Was it a crime to publish the Pentagon papers in the 70s? Maybe it was, as a violation of state confidentiality. But the issue before us today is not the information itself, but the path by which it was obtained. It’s a fine line, and a slippery slope - but I’m not comfortable granting a blanket privilege to reporters to withhold all information they receive just because it was received in confidence. They serve an important role in society, but no more important than doctors, therapists, attorneys, and spouses. Those relationships have survived a conditional confidentiality privilege, and so will journalists. Blankets smother.

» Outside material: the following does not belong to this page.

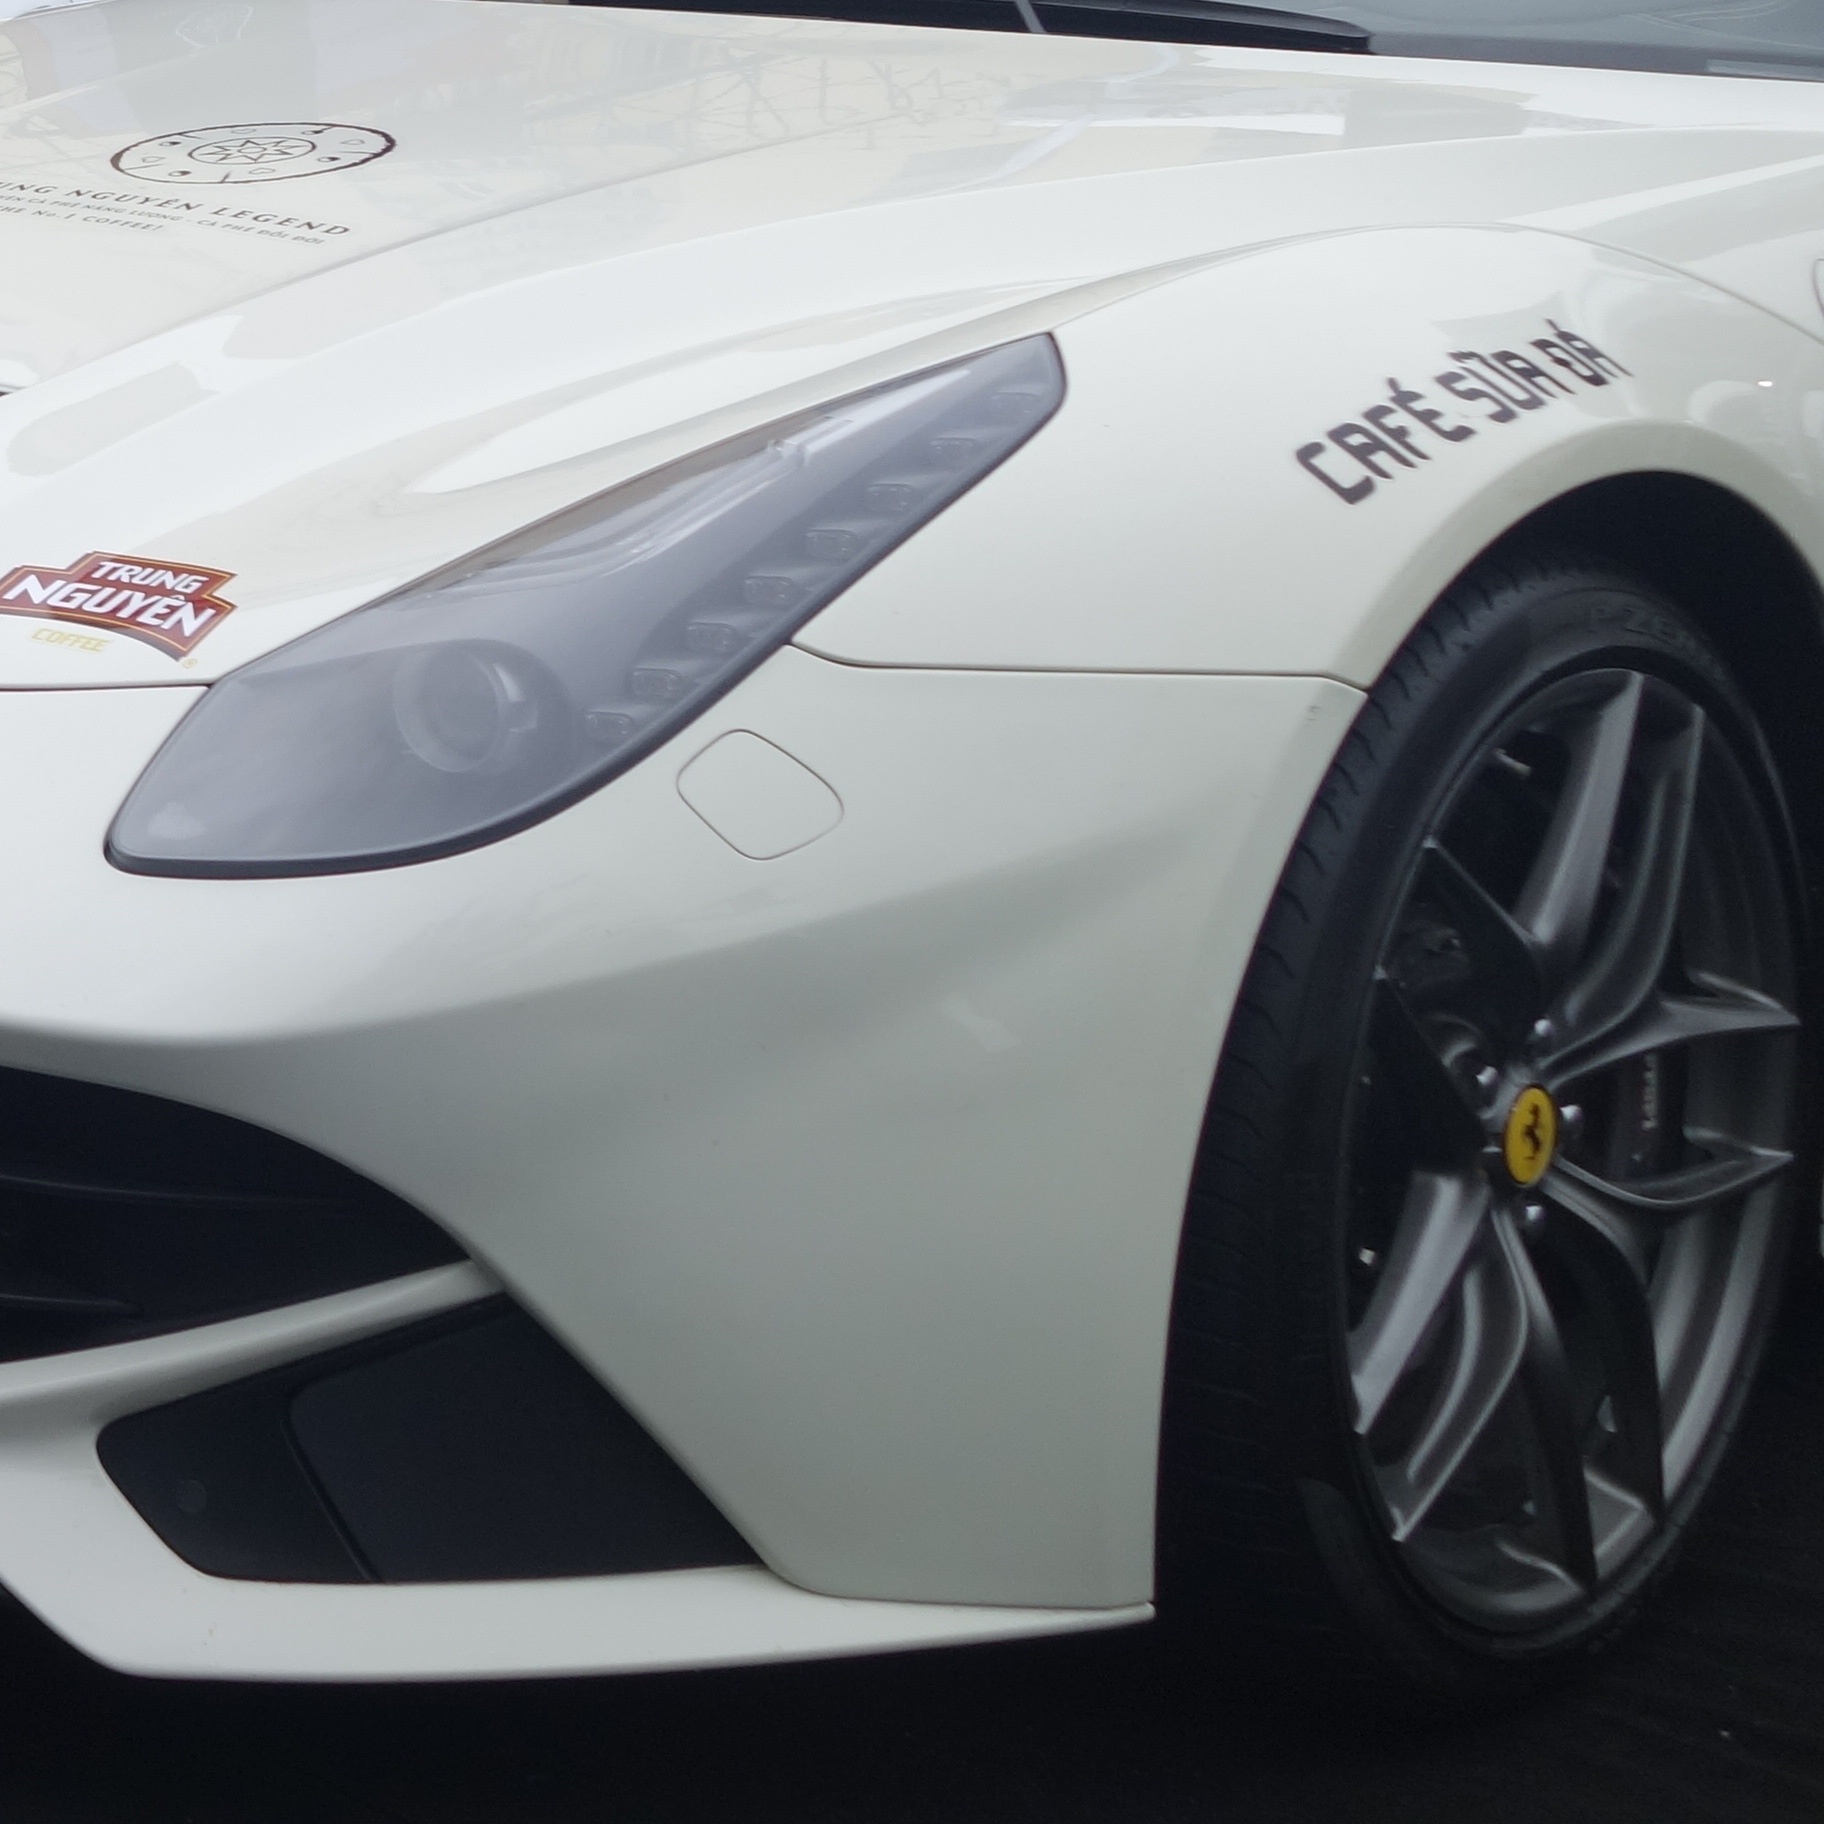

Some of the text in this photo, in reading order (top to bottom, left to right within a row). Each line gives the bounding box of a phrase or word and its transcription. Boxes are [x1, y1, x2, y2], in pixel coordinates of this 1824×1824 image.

So, Joe Klein, I appreciate your outrage at your editor in chief for having caved in to prosecutorial zeal and divulging materials that Matt Cooper wanted to keep secret. The problem was, they were materials that were by their very nature outside the reportorial ambit. They were not journalism, they were evidence of a crime. No one, not even reporters, has the right to withhold such evidence. A free press is important to a free society, but the freedom of the society depends on more than just a free press. And if Karl Rove can get away with breaking the law when he is talking to a journalist, he can get away with one hell of a lot of stuff. I mean, more stuff. So go get’em, tiger - just don’t get too carried away with yourself.
Tomorrow: mushy emotional stuff. Monday: Korea. Gadzooks.